After more than a decade of losing a couple of days a year to fighting with and backing up crappy (but cheap) external hard drives, I have caved and purchased a good, redundant network-attached storage device. This is a Synology DS920+  (Amazon) with four hard drive bays that accept both 2.5″ and 3.5″ drives, as well as two slots for M.2 formfactor SSD Caches.

I’m currently running:
  • 2 x 4 TB Seagate Ironwolf hard drives in a RAID configuration to automatically back up all of my computers (three macs, two PCs, and the Linux-based Roon ROCK that drives all of the streaming media players around my house).
  • 2 x 16 TB Seagate Exos Enterprise-grade hard drives in a RAID configuration set up as a network share drive so that I can stop e-mailing documents back and forth between machines.

Is this overkill? Probably. But as the keeper of all of my dad’s photos and documents for my family, I feel much better knowing that three different hard drives would have to fail in order to lose anything (the main computer drive, the 4 TB main backup, and the 4 TB RAID mirror). Same for the FLAC files I’ve spent a couple of years ripping from my CD collection (which now includes my dad’s CDs).
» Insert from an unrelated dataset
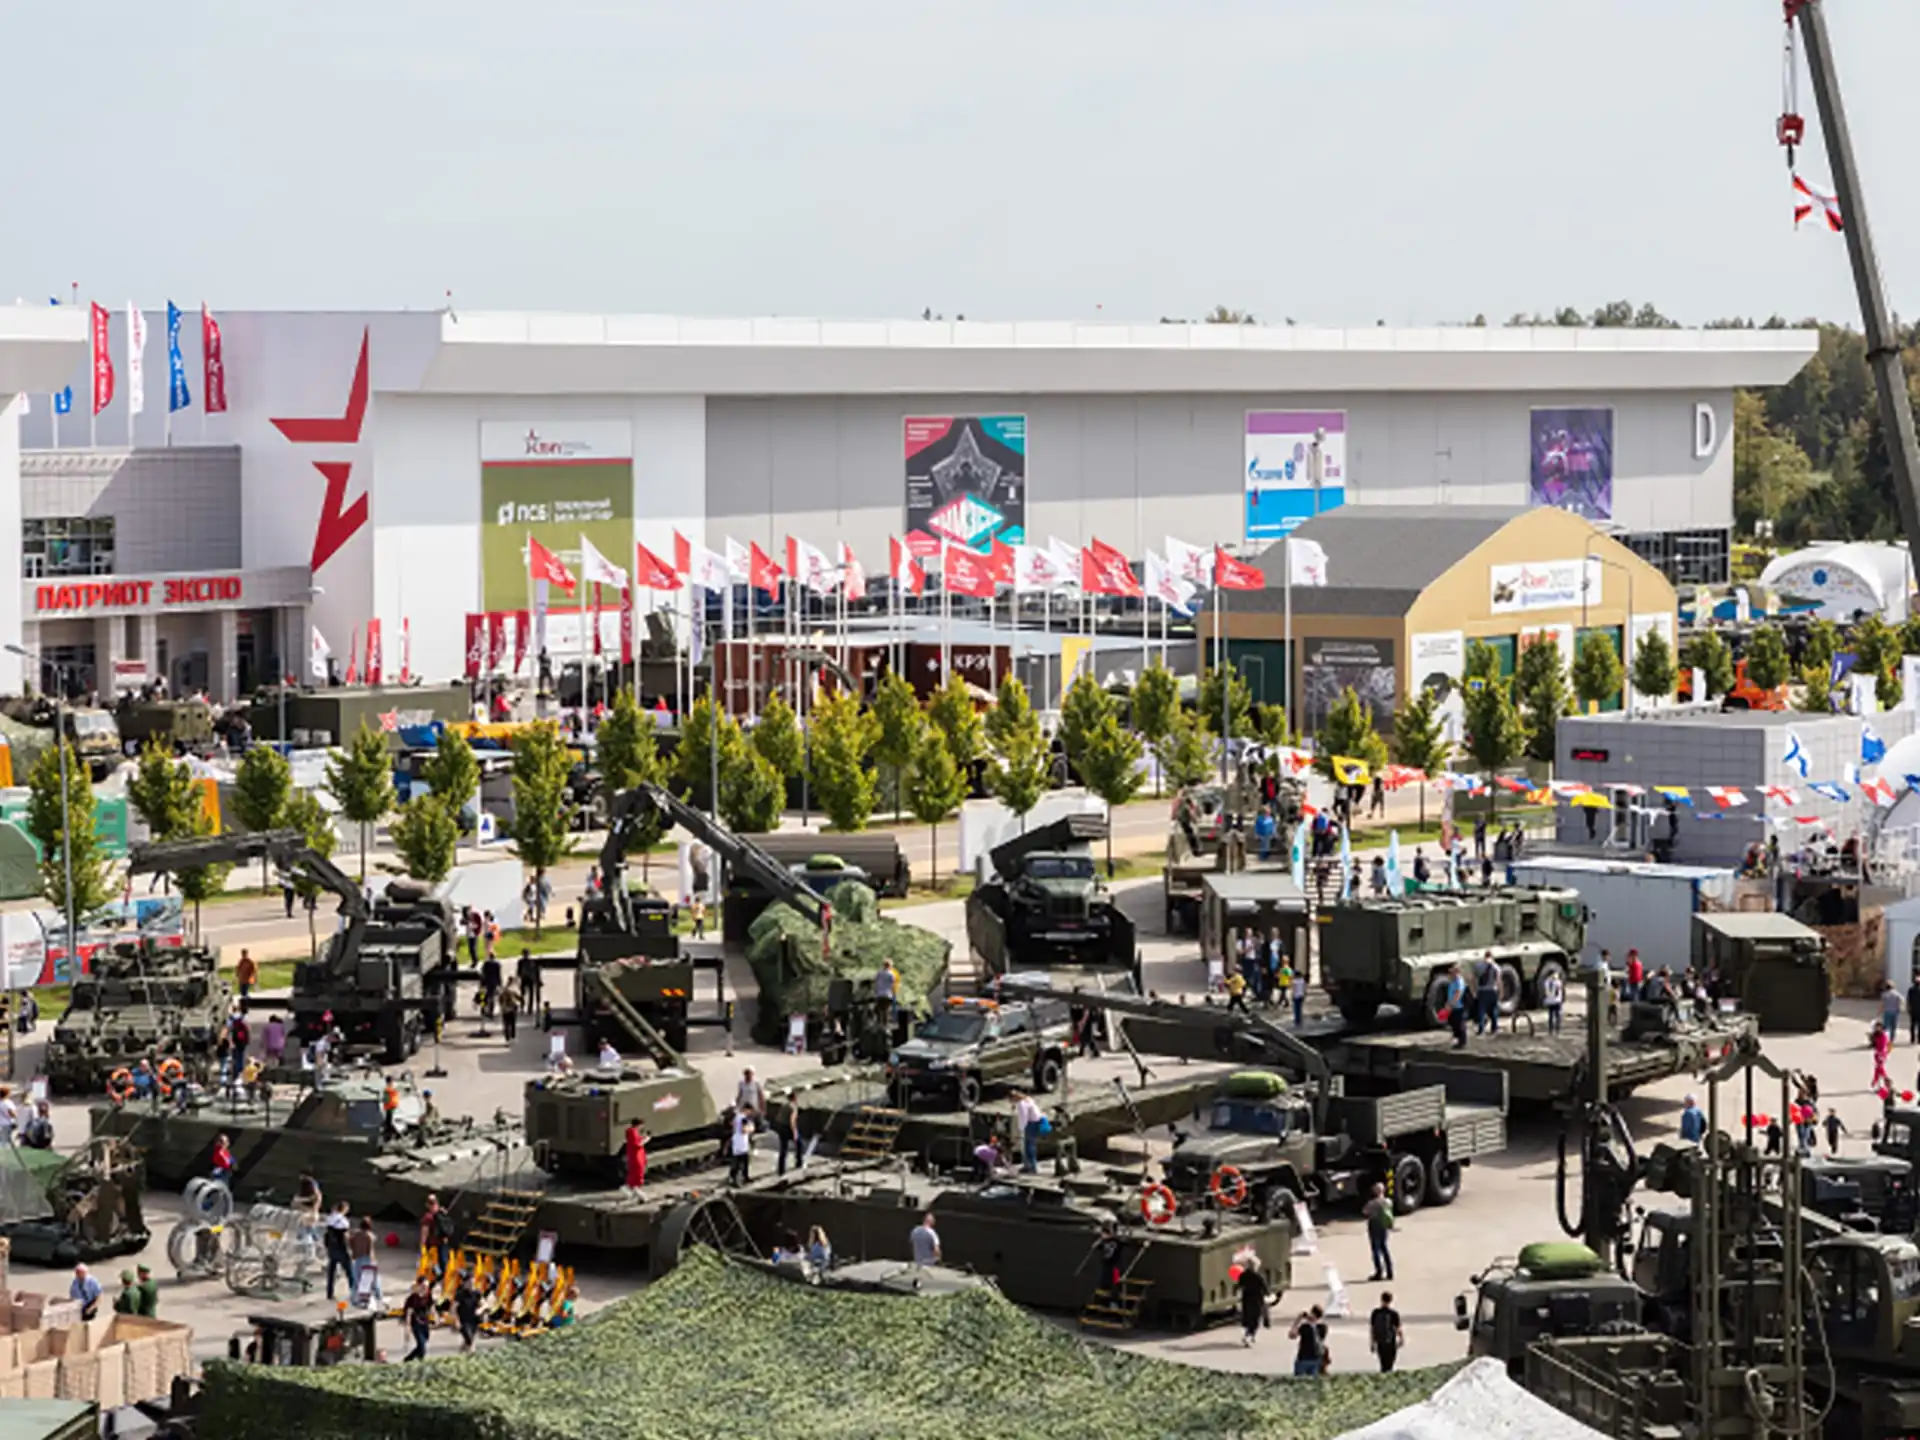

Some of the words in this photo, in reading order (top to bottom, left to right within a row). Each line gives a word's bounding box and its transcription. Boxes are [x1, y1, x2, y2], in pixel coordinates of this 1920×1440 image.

I’ll do a full review at some point, but a couple of initial thoughts:

  • It’s really a relief, after a near miss a few months back when I thought my iMac had died at the same time as my main backup drive, thinking I lost all of Dad’s photos.
  • This device supports hot-swapping drives, so I may snag another of each of the hard drive types that I have and keep one cold either in my fire safe or at a different location in the event that my century old home (with some original wiring) burns itself down.
  • The setup is not super intuitive, but both Synology and the larger web have a lot of really helpful tutorials on setup. I think that I’m going to do a deeper dive on the security settings, particularly re: backing up computers that have a greater threat exposure.
  • I asked my dear friend (and network guru) Robin a few weeks ago what the difference between enterprise-grade (read: commerical) hard drives and consumer-grade hard drives was, and as far as I can tell the biggest noticeable difference is how loud the enterprise grade drives are. I think I’m going to have to build out my AV closet sooner rather than later so I don’t have to listen to the hard drives constantly thunking while backing up.
  • A giant middle finger to the 10+ Seagate external drives that I’ve had go belly-up over the last decade.